### [WORK ITEM]
Every line of the material must be given again verbatim. Skip the images.

### [SUPPLIED DATA]
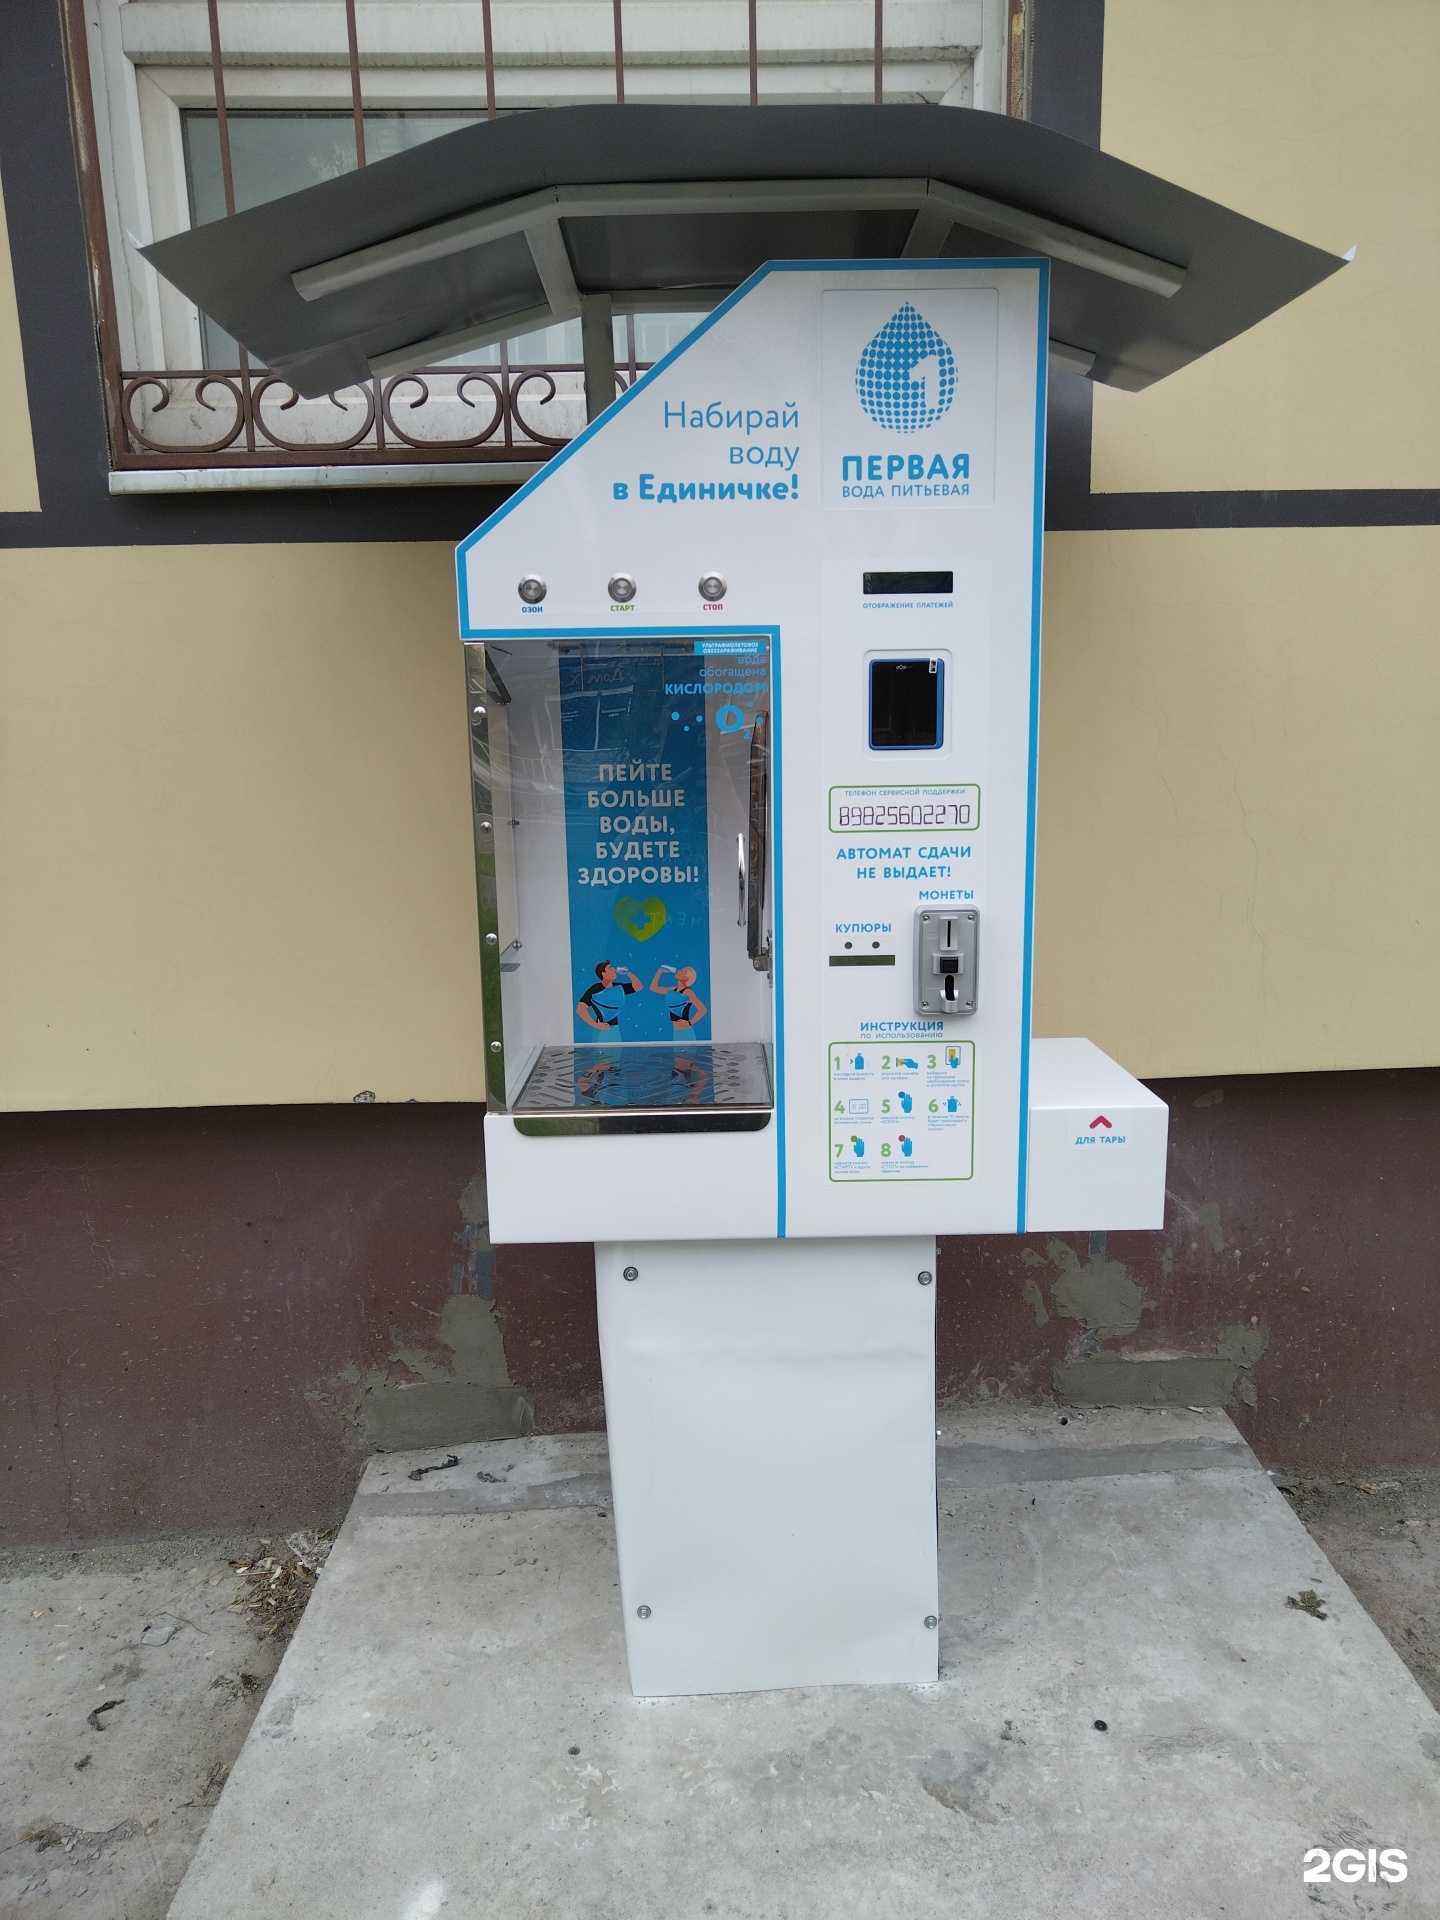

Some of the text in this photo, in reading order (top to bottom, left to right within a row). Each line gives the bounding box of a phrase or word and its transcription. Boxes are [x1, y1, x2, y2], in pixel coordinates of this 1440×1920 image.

[664, 400, 799, 435] Набирай
[729, 446, 799, 471] воду
[842, 453, 970, 481] ПЕРВАЯ
[613, 473, 799, 503] в Единичке!
[842, 483, 970, 499] ВОДА ПИТЬЕВАЯ
[521, 606, 543, 614] ОЗОН
[610, 604, 635, 612] СТАРТ
[703, 603, 724, 611] СТОП
[916, 600, 953, 608] ПЛАТЕЖЕЙ
[600, 759, 673, 783] ПЕЙТЕ
[587, 788, 686, 809] БОЛЬШЕ
[923, 788, 966, 796] ПОДДЕРЖКИ
[839, 804, 971, 826] 89825602270
[600, 815, 676, 835] ВОДЫ,
[595, 840, 681, 861] БУДЕТЕ
[836, 846, 972, 860] АВТОМАТ СДАЧИ
[578, 866, 700, 887] ЗДОРОВЫ!
[857, 865, 951, 880] НЕ ВЫДАЕТ!
[919, 889, 975, 900] МОНЕТЫ
[835, 923, 892, 934] КУПЮРЫ
[860, 1021, 944, 1033] ИНСТРУКЦИЯ
[834, 1056, 841, 1070] 1
[881, 1055, 891, 1070] 2
[927, 1054, 937, 1069] 3
[834, 1100, 846, 1114] 4
[881, 1099, 891, 1113] 5
[928, 1098, 939, 1113] 6
[1075, 1136, 1126, 1144] ДЛЯ ТАРЫ
[834, 1143, 844, 1158] 7
[880, 1143, 892, 1157] 8
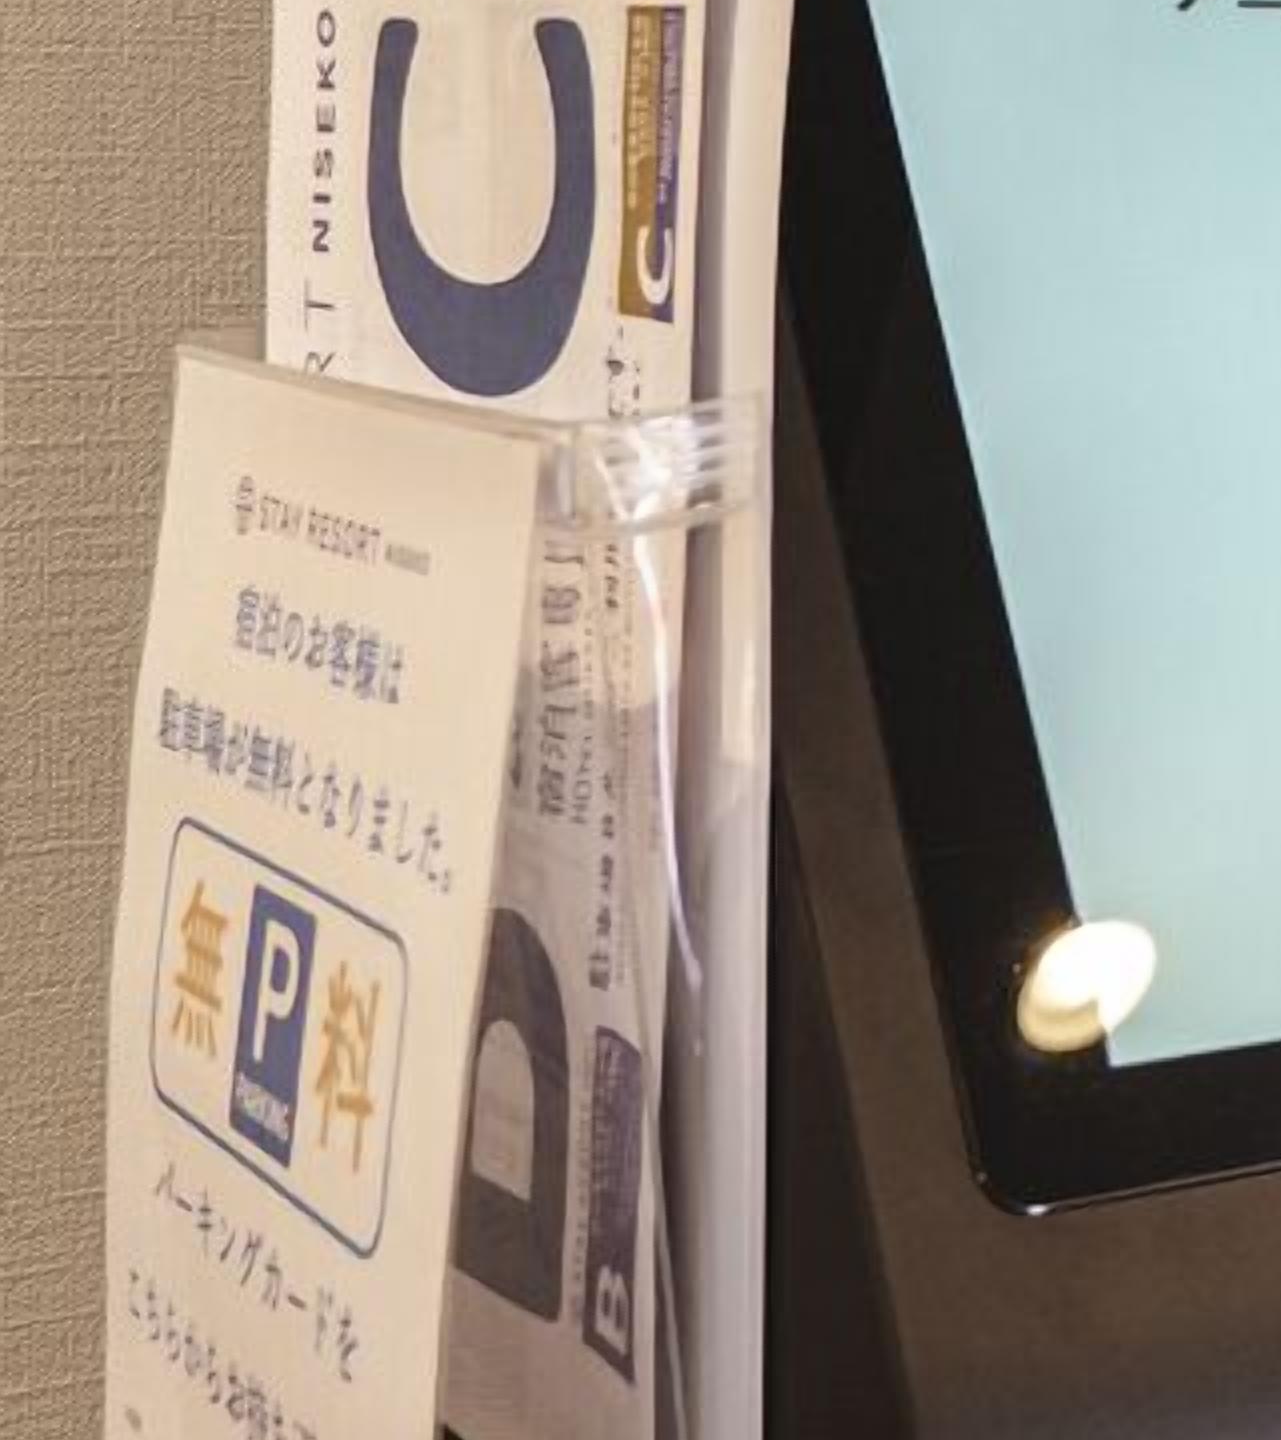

### [TASK ANSWER]
Some of the text in this photo, in reading order (top to bottom, left to right within a row). Each line gives the bounding box of a phrase or word and its transcription. Boxes are [x1, y1, x2, y2], in pixel coordinates of this 1440×1920 image.

[664, 400, 799, 435] Набирай
[729, 446, 799, 471] воду
[842, 453, 970, 481] ПЕРВАЯ
[613, 473, 799, 503] в Единичке!
[842, 483, 970, 499] ВОДА ПИТЬЕВАЯ
[521, 606, 543, 614] ОЗОН
[610, 604, 635, 612] СТАРТ
[703, 603, 724, 611] СТОП
[916, 600, 953, 608] ПЛАТЕЖЕЙ
[600, 759, 673, 783] ПЕЙТЕ
[587, 788, 686, 809] БОЛЬШЕ
[923, 788, 966, 796] ПОДДЕРЖКИ
[839, 804, 971, 826] 89825602270
[600, 815, 676, 835] ВОДЫ,
[595, 840, 681, 861] БУДЕТЕ
[836, 846, 972, 860] АВТОМАТ СДАЧИ
[578, 866, 700, 887] ЗДОРОВЫ!
[857, 865, 951, 880] НЕ ВЫДАЕТ!
[919, 889, 975, 900] МОНЕТЫ
[835, 923, 892, 934] КУПЮРЫ
[860, 1021, 944, 1033] ИНСТРУКЦИЯ
[834, 1056, 841, 1070] 1
[881, 1055, 891, 1070] 2
[927, 1054, 937, 1069] 3
[834, 1100, 846, 1114] 4
[881, 1099, 891, 1113] 5
[928, 1098, 939, 1113] 6
[1075, 1136, 1126, 1144] ДЛЯ ТАРЫ
[834, 1143, 844, 1158] 7
[880, 1143, 892, 1157] 8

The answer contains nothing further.